── DATA TO EXAMINE ──
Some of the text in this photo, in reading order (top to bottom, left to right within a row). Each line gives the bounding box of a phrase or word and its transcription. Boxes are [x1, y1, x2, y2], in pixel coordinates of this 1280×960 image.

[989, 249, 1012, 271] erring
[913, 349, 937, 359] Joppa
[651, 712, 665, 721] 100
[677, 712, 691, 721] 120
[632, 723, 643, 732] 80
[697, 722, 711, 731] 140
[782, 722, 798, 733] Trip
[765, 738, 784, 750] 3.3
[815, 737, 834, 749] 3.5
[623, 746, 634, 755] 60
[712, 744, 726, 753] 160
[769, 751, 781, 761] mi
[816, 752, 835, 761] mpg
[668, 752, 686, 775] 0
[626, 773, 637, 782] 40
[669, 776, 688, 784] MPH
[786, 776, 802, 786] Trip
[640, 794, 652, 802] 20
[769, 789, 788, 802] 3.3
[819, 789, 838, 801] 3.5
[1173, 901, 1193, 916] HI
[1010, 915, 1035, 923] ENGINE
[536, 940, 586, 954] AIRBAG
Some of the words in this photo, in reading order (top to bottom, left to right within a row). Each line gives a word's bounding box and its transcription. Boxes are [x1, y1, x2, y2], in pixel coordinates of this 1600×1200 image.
───
■ **TRY IT**
Each entry is to be written out exactly as it was given.

■ **REPLY**
Some of the text in this photo, in reading order (top to bottom, left to right within a row). Each line gives the bounding box of a phrase or word and its transcription. Boxes are [x1, y1, x2, y2], in pixel coordinates of this 1280×960 image.

[989, 249, 1012, 271] erring
[913, 349, 937, 359] Joppa
[651, 712, 665, 721] 100
[677, 712, 691, 721] 120
[632, 723, 643, 732] 80
[697, 722, 711, 731] 140
[782, 722, 798, 733] Trip
[765, 738, 784, 750] 3.3
[815, 737, 834, 749] 3.5
[623, 746, 634, 755] 60
[712, 744, 726, 753] 160
[769, 751, 781, 761] mi
[816, 752, 835, 761] mpg
[668, 752, 686, 775] 0
[626, 773, 637, 782] 40
[669, 776, 688, 784] MPH
[786, 776, 802, 786] Trip
[640, 794, 652, 802] 20
[769, 789, 788, 802] 3.3
[819, 789, 838, 801] 3.5
[1173, 901, 1193, 916] HI
[1010, 915, 1035, 923] ENGINE
[536, 940, 586, 954] AIRBAG
Some of the words in this photo, in reading order (top to bottom, left to right within a row). Each line gives a word's bounding box and its transcription. Boxes are [x1, y1, x2, y2], in pixel coordinates of this 1600×1200 image.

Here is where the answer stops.